◆ Task brief
Set every entry down again exactly, excluding any pictures.

◆ Records from a data source
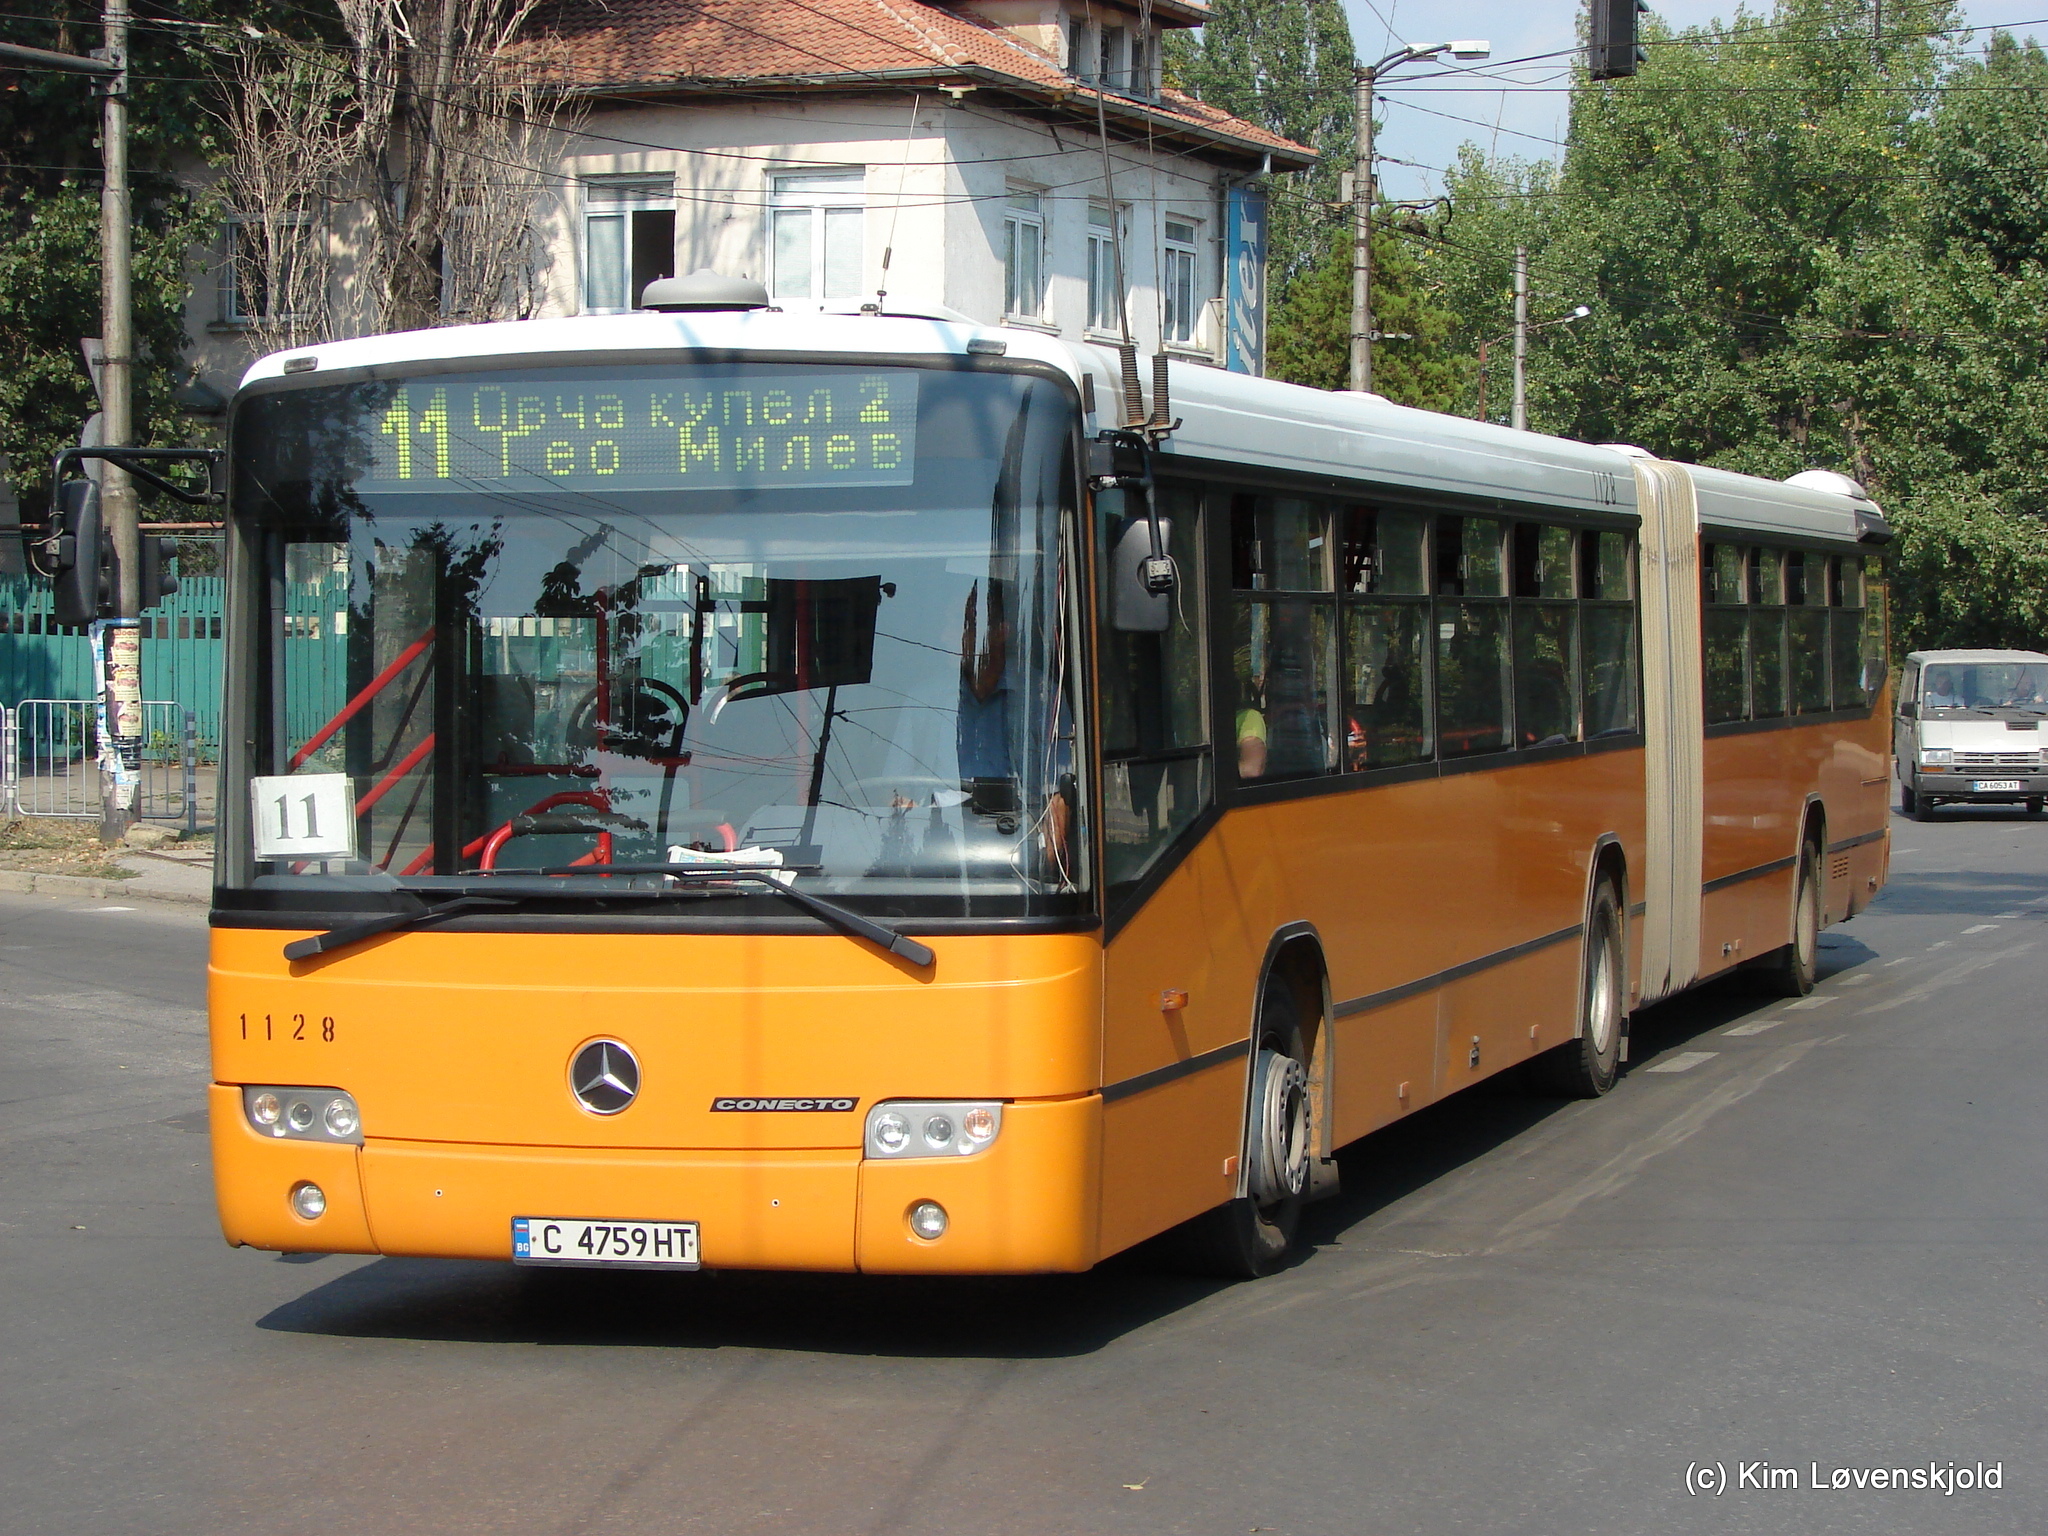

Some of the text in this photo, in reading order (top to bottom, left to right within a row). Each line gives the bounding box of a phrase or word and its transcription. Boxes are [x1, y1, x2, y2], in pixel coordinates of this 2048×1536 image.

[473, 376, 890, 432] Овча купел 2
[381, 387, 450, 480] 11
[501, 425, 902, 477] Гео Милев
[1592, 470, 1617, 505] 1128
[274, 793, 324, 840] 11
[240, 1013, 335, 1042] 1128
[716, 1099, 853, 1110] CONECTO
[516, 1243, 529, 1252] BG

◆ Answer space
Some of the text in this photo, in reading order (top to bottom, left to right within a row). Each line gives the bounding box of a phrase or word and its transcription. Boxes are [x1, y1, x2, y2], in pixel coordinates of this 2048×1536 image.

[473, 376, 890, 432] Овча купел 2
[381, 387, 450, 480] 11
[501, 425, 902, 477] Гео Милев
[1592, 470, 1617, 505] 1128
[274, 793, 324, 840] 11
[240, 1013, 335, 1042] 1128
[716, 1099, 853, 1110] CONECTO
[516, 1243, 529, 1252] BG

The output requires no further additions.